TOKYO - A Japanese cabinet minister visited a controversial war shrine in Tokyo on Saturday, in a move that sparked rebukes from South Korea and China, both of whom view it as a symbol of Japan's past militarism.
Television footage showed Yoshitaka Shindo, minister for internal affairs and communications, paying homage Saturday morning at the Yasukuni shrine.
The shrine honours Japan's war dead including several high-level officials executed for war crimes after World War II.
Shindo, a regular visitor to Yasukuni, insisted that it was a "private matter", playing down the potential for diplomatic fallout. "Offering condolences to the war dead can be seen in any country," Shindo was quoted by new agency Jiji as saying following his visit, which came ahead of the shrine's annual spring festival on April 21 to 23.
But South Korea criticised the trip, calling it a "challenge" to its neighbours, according to news agency Yonhap.
"The Japanese cabinet member's visit to the Yasukuni Shrine that glorifies (Japan's) past aggressions, made again in defiance of the international worries, constitutes a head-on challenge to the neighbouring countries that suffered from Japan's past imperialism as well as to the international community," Yonhap cited a foreign ministry statement as saying.
China also hit back at the visit.
"This once again shows the mistaken attitude of the current Japanese Cabinet toward history," foreign ministry spokesman Hong Lei said in a statement, according to the official news agency Xinhua.
A group of Japanese parliamentarians makes pilgrimages to the shrine during spring and autumn festivals and on August 15, the anniversary of Japan's defeat in World War II, enraging neighbouring nations.
China and South Korea see it as a brutal reminder of Tokyo's imperialist past and wartime aggression, and its failure to repent for its history.
In December, Prime Minister Shinzo Abe made his first visit as premier to the shrine since he took office in December 2012.

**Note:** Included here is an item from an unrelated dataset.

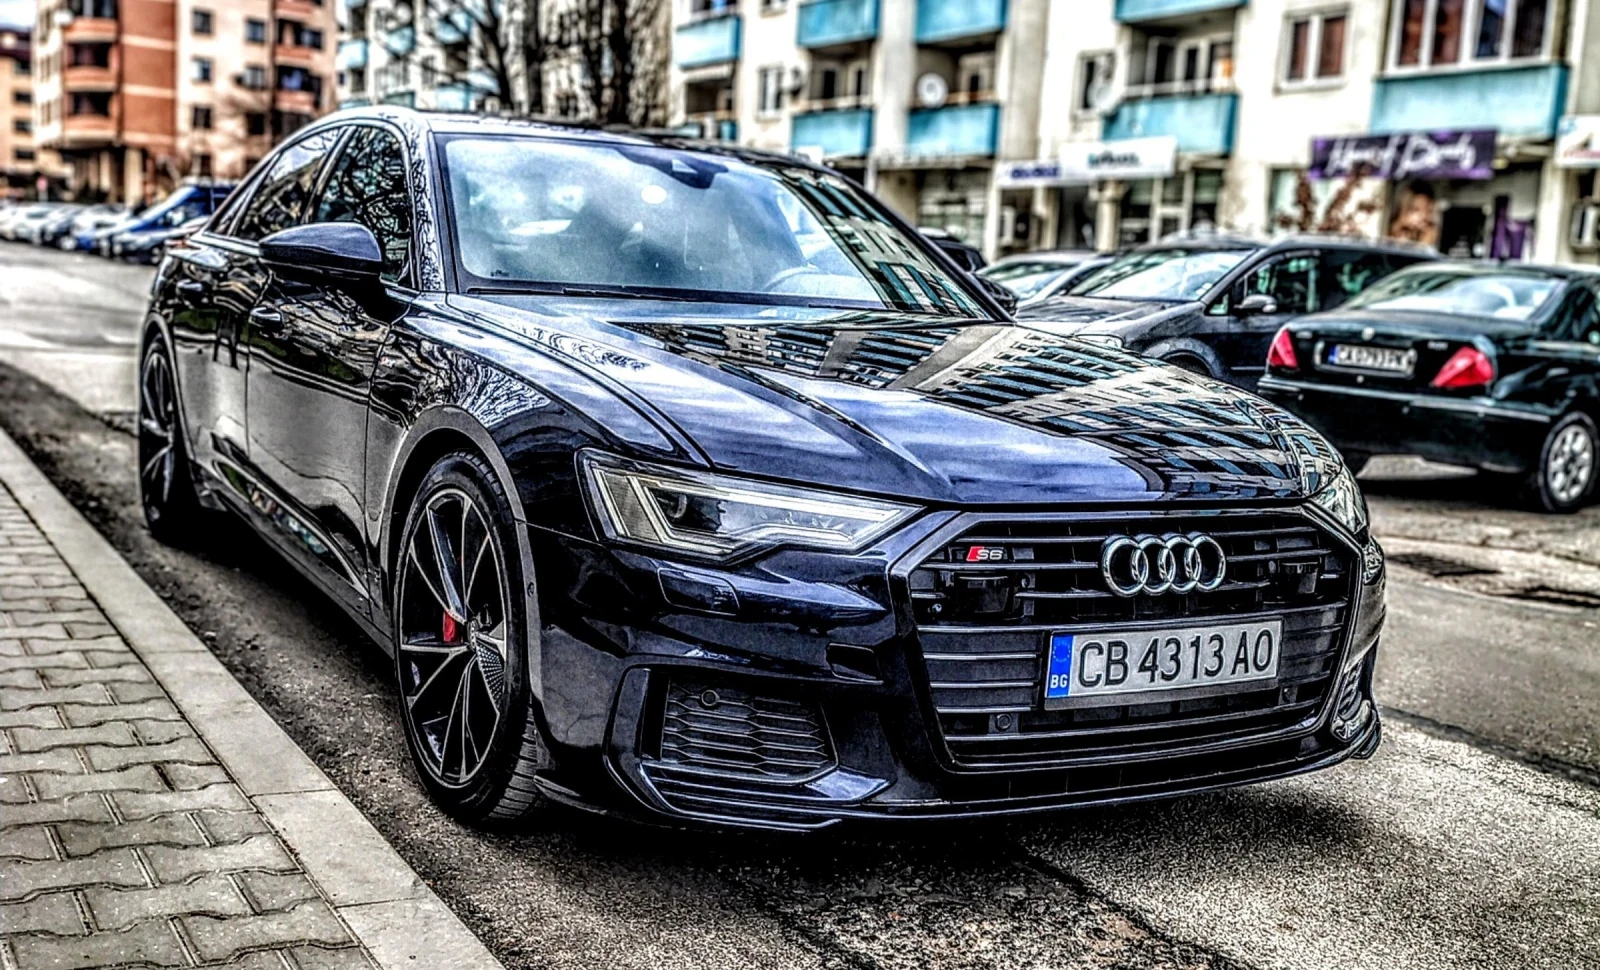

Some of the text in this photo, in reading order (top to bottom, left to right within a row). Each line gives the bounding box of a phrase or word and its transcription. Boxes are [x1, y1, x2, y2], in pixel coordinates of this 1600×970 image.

Seoul reacted angrily, while Japan's ally the United States said it was "disappointed" by the prime minister's decision as it would raise regional tensions.
Abe, known for his nationalist views, previously served as premier from 2006 to 2007 without visiting Yasukuni.
His visit - which came at a time when Japan's ties with China have turned particularly sour over a territorial dispute regarding islands in the East China Sea - also prompted an angry reaction from Beijing.
Earlier Saturday, three Chinese government ships entered the territorial waters around the East China Sea islands, called the Senkaku in Japan and the Diaoyu in China, for several hours, according to the Japanese coastguard.
Abe is widely expected to refrain from visiting the shrine during the upcoming spring festival ahead of a summit with US President Barack Obama on April 24 in Tokyo.